--- Phrase grounding data ---
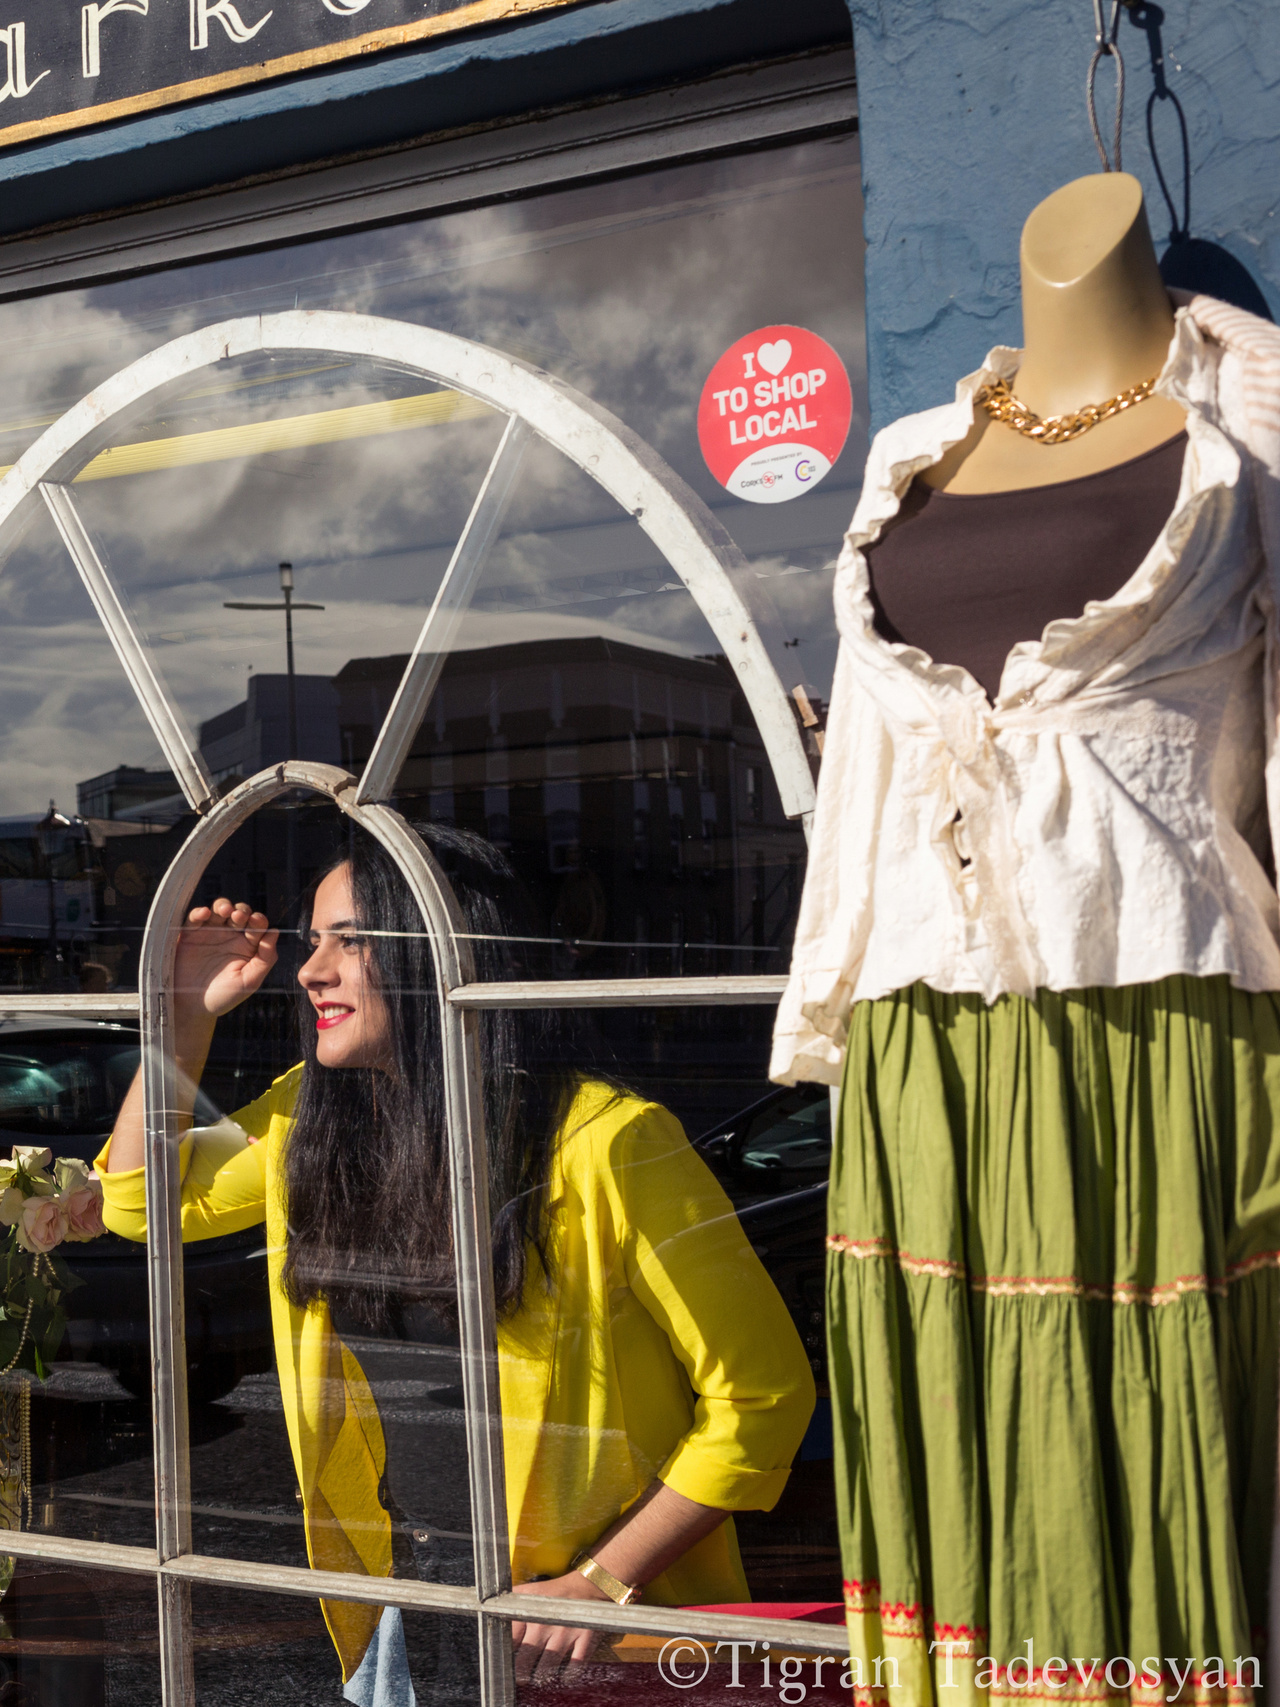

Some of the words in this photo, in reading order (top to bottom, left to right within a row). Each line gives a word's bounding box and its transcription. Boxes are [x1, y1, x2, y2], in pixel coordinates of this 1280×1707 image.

[742, 352, 757, 379] I
[712, 386, 749, 417] TO
[753, 368, 827, 408] SHOP
[728, 404, 818, 446] LOCAL

--- EXERCISE REQUIREMENTS ---
Skip the pictures, then return the rest of the data exactly.

--- TASK RESULT ---
Some of the words in this photo, in reading order (top to bottom, left to right within a row). Each line gives a word's bounding box and its transcription. Boxes are [x1, y1, x2, y2], in pixel coordinates of this 1280×1707 image.

[742, 352, 757, 379] I
[712, 386, 749, 417] TO
[753, 368, 827, 408] SHOP
[728, 404, 818, 446] LOCAL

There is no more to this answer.